*** Supplied data ***
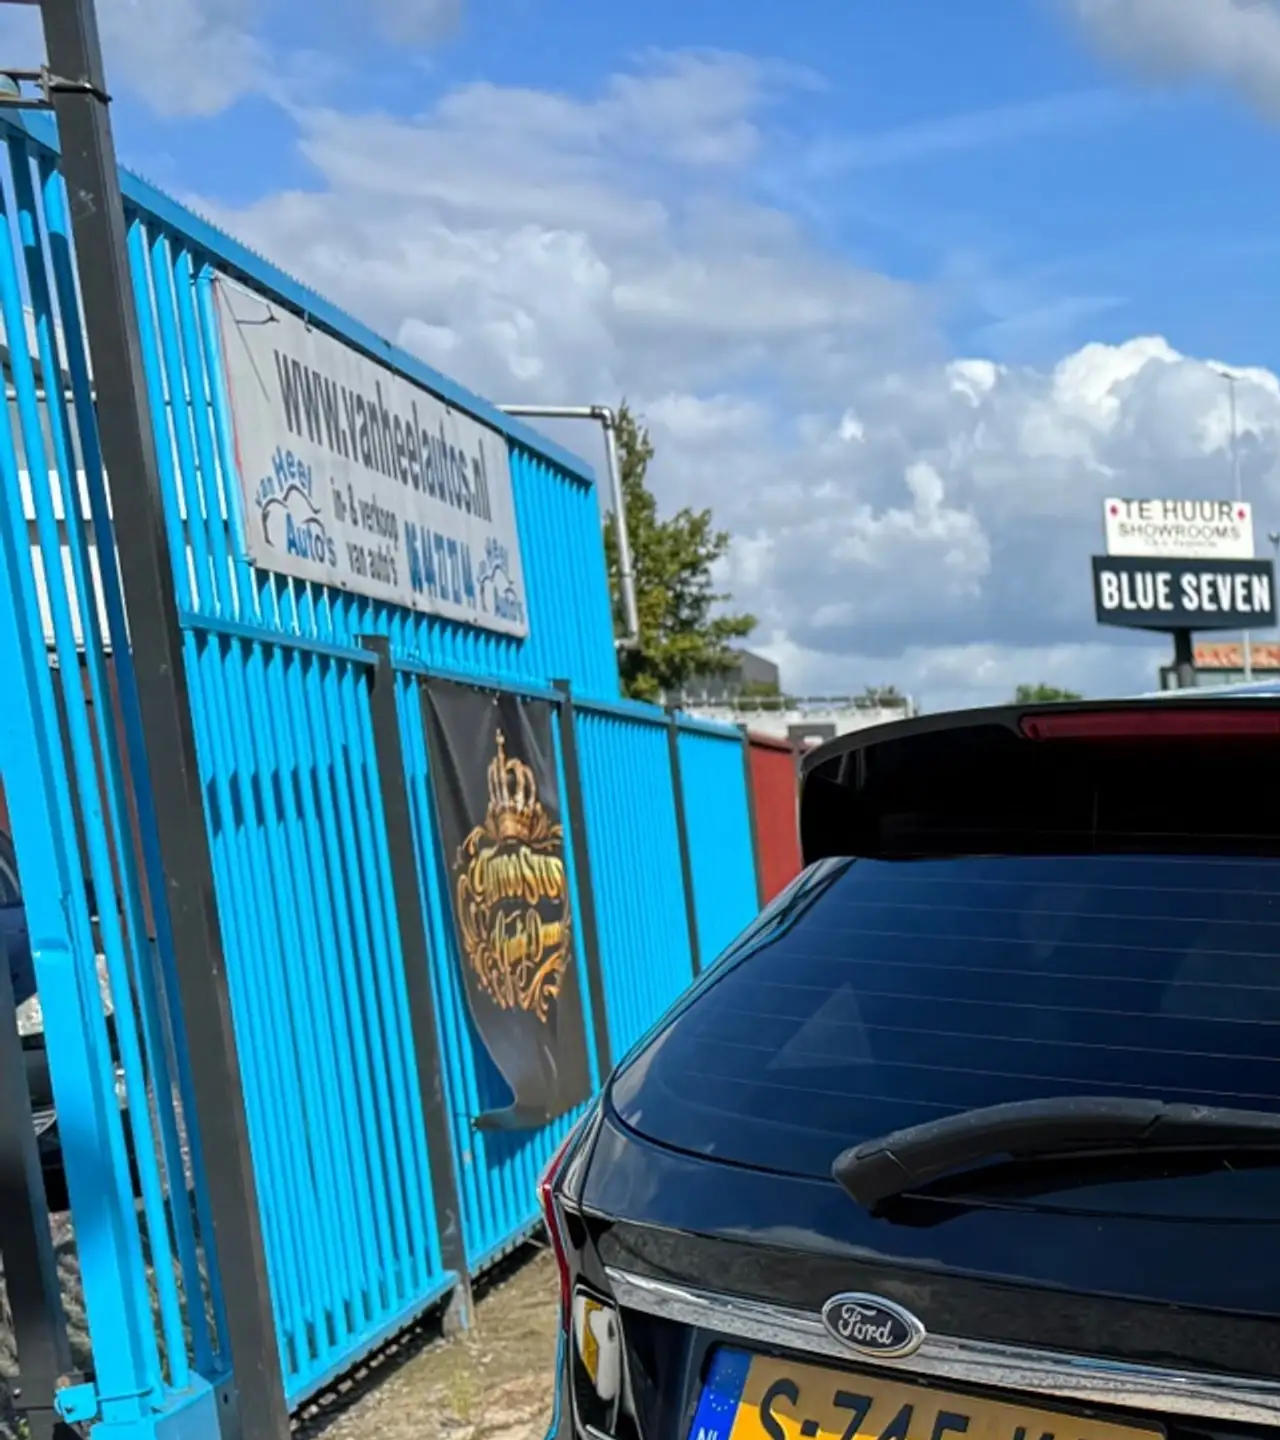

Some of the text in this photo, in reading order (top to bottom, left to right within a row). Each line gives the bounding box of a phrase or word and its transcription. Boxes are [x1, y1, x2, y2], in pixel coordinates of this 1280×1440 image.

[274, 348, 492, 523] www.vanheelautos.nl
[271, 445, 313, 500] Heel
[358, 493, 399, 550] verkoop
[1118, 522, 1241, 540] SHOWROOMS
[1121, 498, 1234, 522] TE HUUR
[1100, 570, 1271, 613] BLUE SEVEN
[837, 1303, 894, 1345] Ford
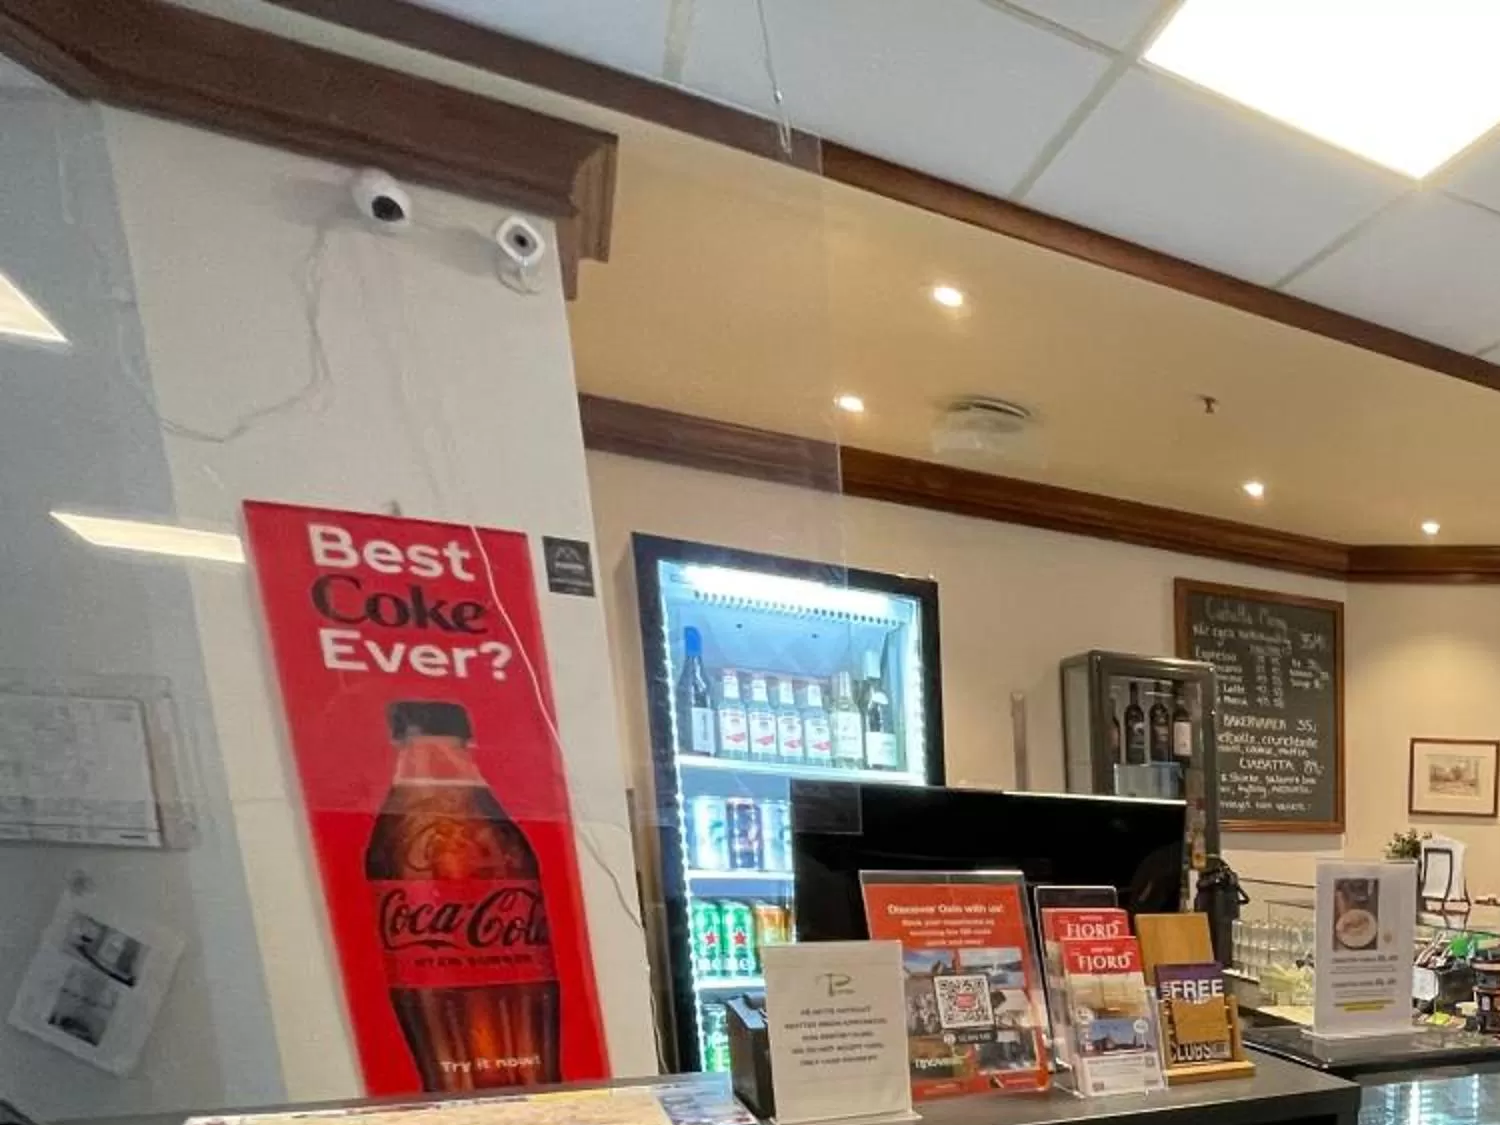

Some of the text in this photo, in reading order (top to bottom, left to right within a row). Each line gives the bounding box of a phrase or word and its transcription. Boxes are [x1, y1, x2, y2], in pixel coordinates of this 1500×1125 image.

[308, 523, 475, 581] Best
[310, 574, 487, 634] Coke
[318, 628, 513, 680] Ever?
[1078, 955, 1131, 972] FJORD
[1170, 978, 1225, 999] FREE
[438, 1055, 541, 1074] Try it now!
*** End of Supplied data ***
Description of the task =
What you copy should begin at the line with "this 1500×1125 image." and end at the final line of the listing, each line exactly as it is.

Exercise solution =
Some of the text in this photo, in reading order (top to bottom, left to right within a row). Each line gives the bounding box of a phrase or word and its transcription. Boxes are [x1, y1, x2, y2], in pixel coordinates of this 1500×1125 image.

[308, 523, 475, 581] Best
[310, 574, 487, 634] Coke
[318, 628, 513, 680] Ever?
[1078, 955, 1131, 972] FJORD
[1170, 978, 1225, 999] FREE
[438, 1055, 541, 1074] Try it now!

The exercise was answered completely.